Please restate every line below exactly, without any pictures.

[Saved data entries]
· · · · ·
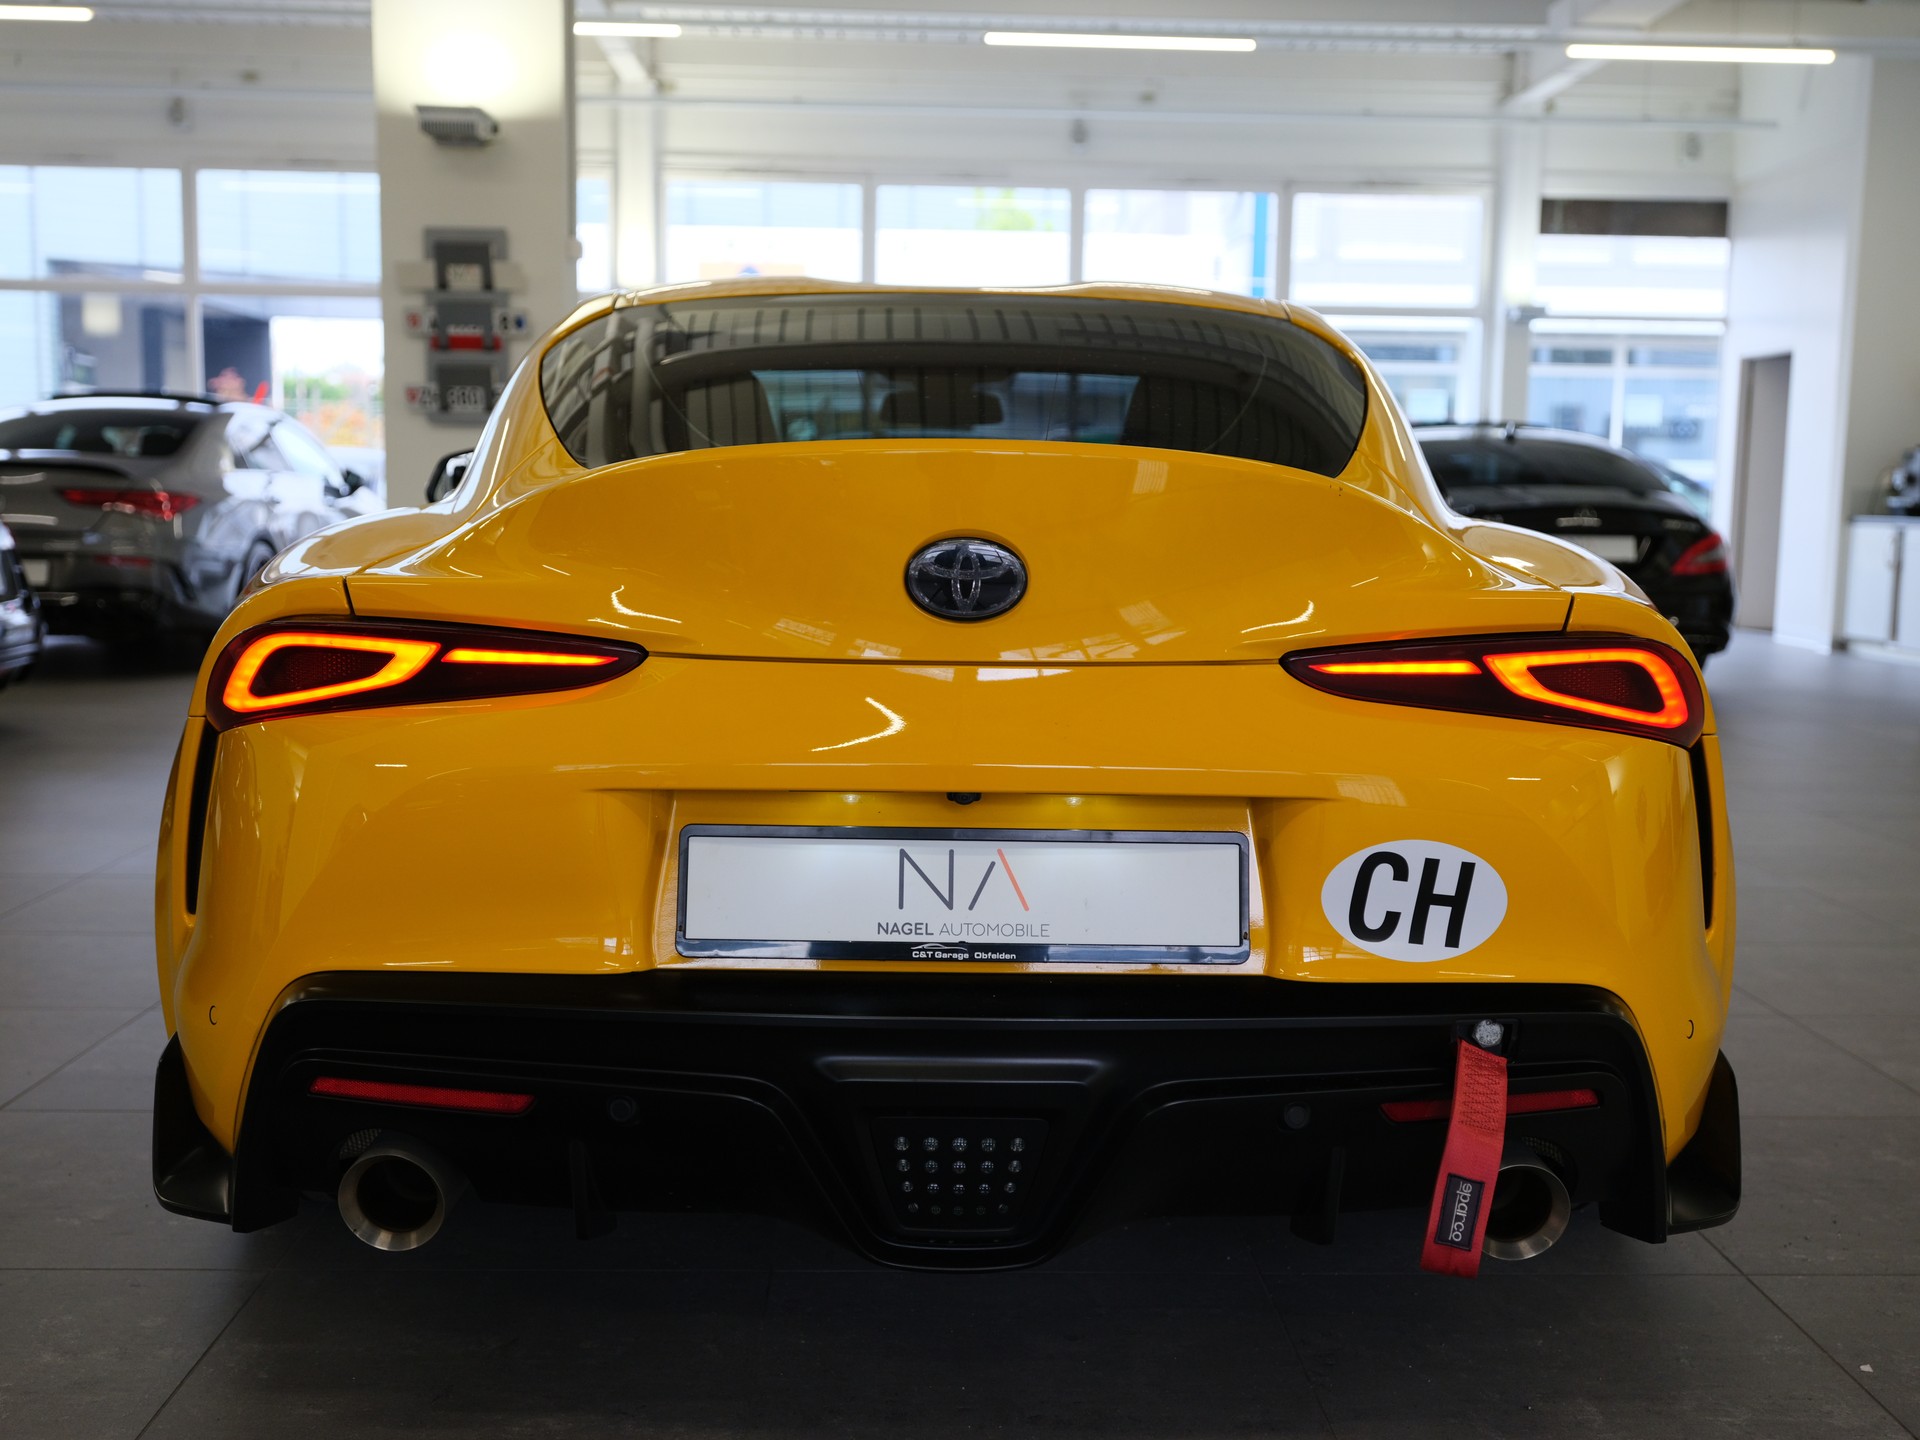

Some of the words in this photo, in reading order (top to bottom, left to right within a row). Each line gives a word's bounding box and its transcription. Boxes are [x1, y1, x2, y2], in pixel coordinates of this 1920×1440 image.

[1348, 850, 1476, 949] CH
[877, 922, 934, 936] NAGEL
[939, 923, 1050, 938] AUTOMOBILE
[911, 951, 933, 959] C&T
[934, 951, 970, 961] Garage
[974, 951, 1017, 960] Obfelden
[1452, 1183, 1473, 1242] sparco
· · · · ·
▸ WRITTEN ANSWER:
Some of the words in this photo, in reading order (top to bottom, left to right within a row). Each line gives a word's bounding box and its transcription. Boxes are [x1, y1, x2, y2], in pixel coordinates of this 1920×1440 image.

[1348, 850, 1476, 949] CH
[877, 922, 934, 936] NAGEL
[939, 923, 1050, 938] AUTOMOBILE
[911, 951, 933, 959] C&T
[934, 951, 970, 961] Garage
[974, 951, 1017, 960] Obfelden
[1452, 1183, 1473, 1242] sparco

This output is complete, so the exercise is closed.